Options Analysis – Options-Adjusted Spreads Lattice

File Name: Options Analysis – Options Adjusted Spreads on Debt

Location: Modeling Toolkit | Options Analysis | Options Adjusted Spreads on Debt

Brief Description: Computes the option-adjusted spread, that is, the additional premium that should be charged on the option provision

Requirements: Modeling Toolkit

Modeling Toolkit Functions Used: MTBDTInterestRateLattice, MTBDTNoncallableDebtPriceLattice, MTBDTCallableDebtPriceLattice

Certain types of debt come with an option-embedded provision; for instance, a bond might be callable if the market price exceeds a certain value (when prevailing interest rates drop, making it more profitable for the issuing company to call the debt and reissue new ones at the lower rate) or have a prepayment allowance of mortgages or lines of credit and debt. Options-adjusted spreads, or OAS, value the spread between a straight bond and a bond with some embedded options, such as callability covenants, and are used to create modified binomial lattices to value such instruments, assuming changing interest rates and volatilities over time.

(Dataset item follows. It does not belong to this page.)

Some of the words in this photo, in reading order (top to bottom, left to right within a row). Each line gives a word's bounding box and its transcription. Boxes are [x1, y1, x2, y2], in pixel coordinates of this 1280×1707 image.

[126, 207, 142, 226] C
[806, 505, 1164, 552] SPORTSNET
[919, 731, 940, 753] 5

Figure 108.1 illustrates the OAS Lattice model with a set of sample inputs. The interest rates are assumed to be changing over time, with changing instantaneous volatilities, as in real life, where the yield curve or term structure of interest rates changes over time and has different volatilities at different ends of the curve. The entire yield curve may shift, twist, or bend, with higher maturity. See the Yield Curve – Term Structure of Volatility chapter for details on how to compute interest rate volatilities and the typical characteristics of volatility smiles and frowns.

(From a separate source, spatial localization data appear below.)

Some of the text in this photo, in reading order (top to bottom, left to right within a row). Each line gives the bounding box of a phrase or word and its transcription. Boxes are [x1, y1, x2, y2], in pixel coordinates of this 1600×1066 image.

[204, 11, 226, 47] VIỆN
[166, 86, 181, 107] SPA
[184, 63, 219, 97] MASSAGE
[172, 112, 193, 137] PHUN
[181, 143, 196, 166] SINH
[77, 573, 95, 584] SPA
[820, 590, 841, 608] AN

Setting up this model is very similar to the one shown in Chapter 106 on the inverse floater bonds. Please review that chapter on how to create the lattice matrix as well as for information on calibrating the underlying interest rate lattice to make sure it models the term structure of interest rates and the corresponding localized volatilities of interest rates.

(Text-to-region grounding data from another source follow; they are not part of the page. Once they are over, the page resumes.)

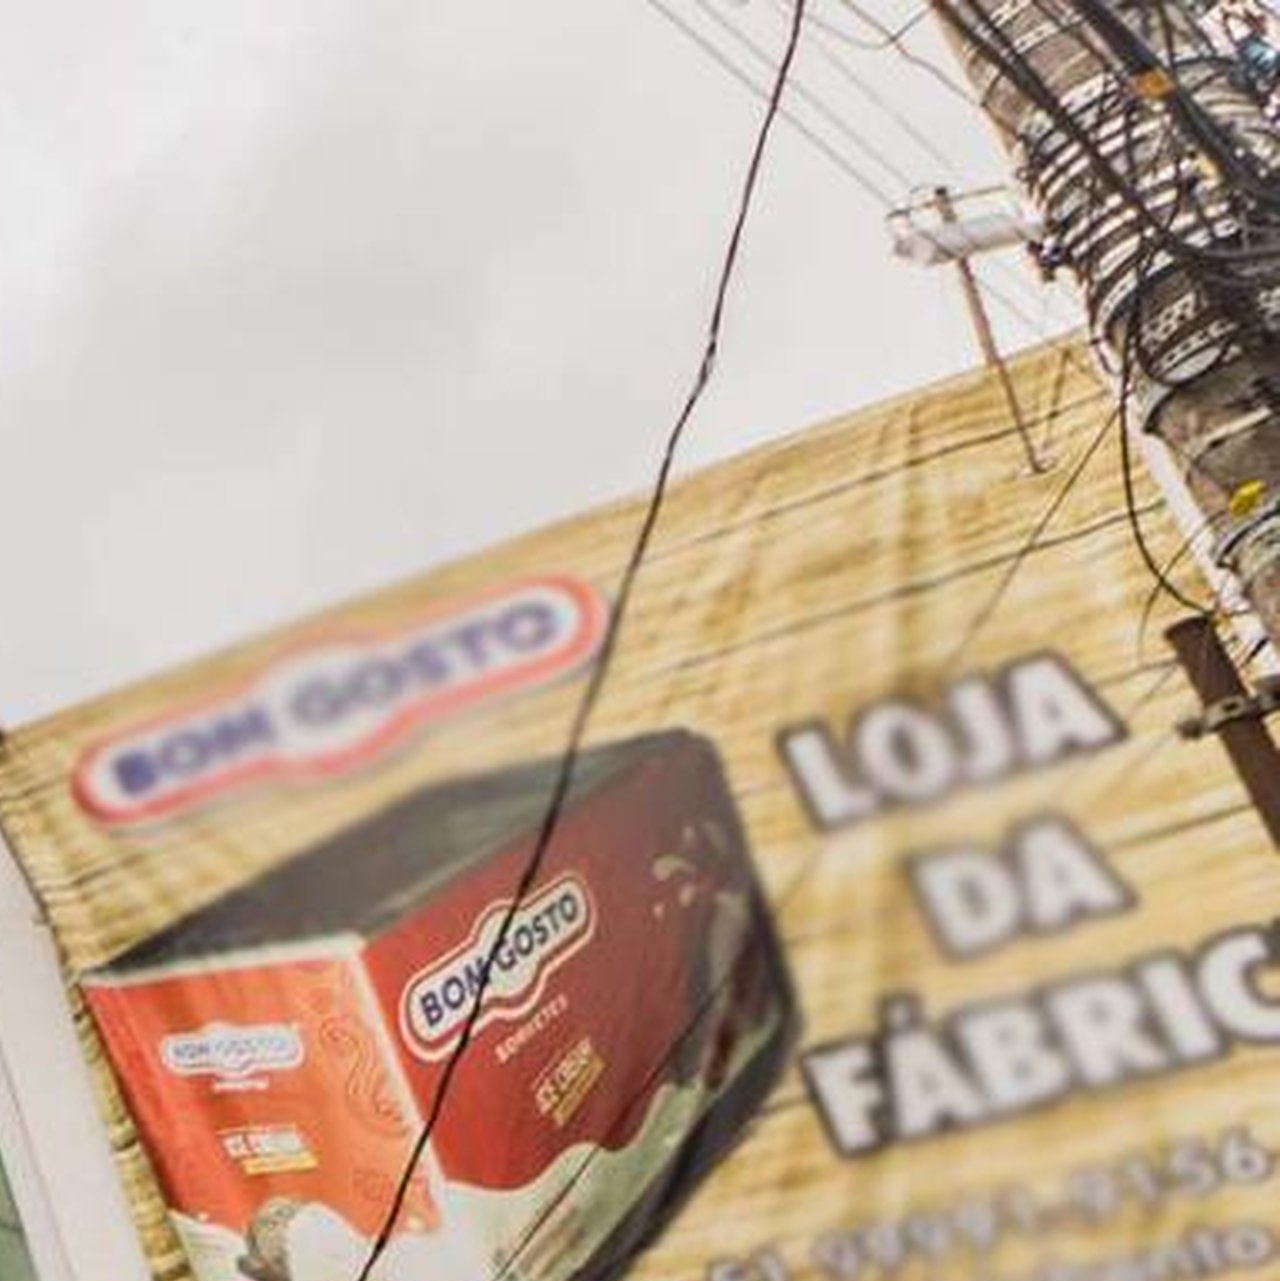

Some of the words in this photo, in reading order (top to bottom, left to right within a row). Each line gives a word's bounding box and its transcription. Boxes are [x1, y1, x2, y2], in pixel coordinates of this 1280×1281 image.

[112, 704, 274, 796] BOM
[290, 600, 558, 726] GOSTO
[778, 652, 1126, 829] LOJA
[420, 956, 491, 1027] BOM
[492, 893, 578, 971] GOSTO
[904, 815, 1136, 962] DA

Note that one of the key inputs in the model is the call price of the bond and the time to call, translated into time steps. For instance, in a four-year debt modeled using an eight-step lattice, if the bond is callable starting in the third year, then the callable step is set as 6. Note that this model is the same as the last two chapters; the main difference being that this model allows you to generate your own modified binomial lattices to any number of steps. Be careful as the higher the number of steps, the longer it takes to generate and compute the lattices, depending on your computer’s processor speed.